To the Itron, Inc. Incentive Savings Plan Administrative Committee

Spokane, Washington

We have audited the accompanying statement of net assets available for benefits of Itron, Inc. Incentive Savings Plan as of December 31, 2005 and 2004, and the related statement of changes in net assets available for benefits for the year ended December 31, 2005. These financial statements are the responsibility of the Plan’s management. Our responsibility is to express an opinion on these financial statements based on our audits.

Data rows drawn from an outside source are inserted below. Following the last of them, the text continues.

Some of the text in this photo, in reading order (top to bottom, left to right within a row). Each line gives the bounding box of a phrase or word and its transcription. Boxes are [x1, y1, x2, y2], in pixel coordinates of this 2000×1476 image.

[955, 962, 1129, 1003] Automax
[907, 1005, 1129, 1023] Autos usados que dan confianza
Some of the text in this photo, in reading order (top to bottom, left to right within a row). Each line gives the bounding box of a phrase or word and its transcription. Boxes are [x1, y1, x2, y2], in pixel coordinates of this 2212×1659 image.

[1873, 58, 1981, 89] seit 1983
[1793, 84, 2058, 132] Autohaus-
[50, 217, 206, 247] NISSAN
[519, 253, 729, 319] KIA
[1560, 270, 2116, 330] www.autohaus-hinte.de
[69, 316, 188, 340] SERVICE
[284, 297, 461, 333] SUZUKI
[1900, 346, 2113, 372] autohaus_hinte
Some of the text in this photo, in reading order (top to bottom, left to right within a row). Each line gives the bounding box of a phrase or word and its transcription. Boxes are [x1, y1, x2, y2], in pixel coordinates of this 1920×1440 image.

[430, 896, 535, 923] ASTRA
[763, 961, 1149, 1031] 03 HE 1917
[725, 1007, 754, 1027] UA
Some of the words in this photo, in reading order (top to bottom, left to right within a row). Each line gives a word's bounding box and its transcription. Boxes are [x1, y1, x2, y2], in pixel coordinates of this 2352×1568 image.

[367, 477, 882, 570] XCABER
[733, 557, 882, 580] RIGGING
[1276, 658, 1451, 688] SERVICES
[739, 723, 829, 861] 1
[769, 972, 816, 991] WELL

We conducted our audits in accordance with the standards of the Public Company Accounting Oversight Board (United States). Those standards require that we plan and perform the audit to obtain reasonable assurance about whether the financial statements are free of material misstatement. An audit includes examining, on a test basis, evidence supporting the amounts and disclosures in the financial statements. An audit also includes assessing the accounting principles used and significant estimates made by management, as well as evaluating the overall financial statement presentation. We believe that our audits provide a reasonable basis for our opinion.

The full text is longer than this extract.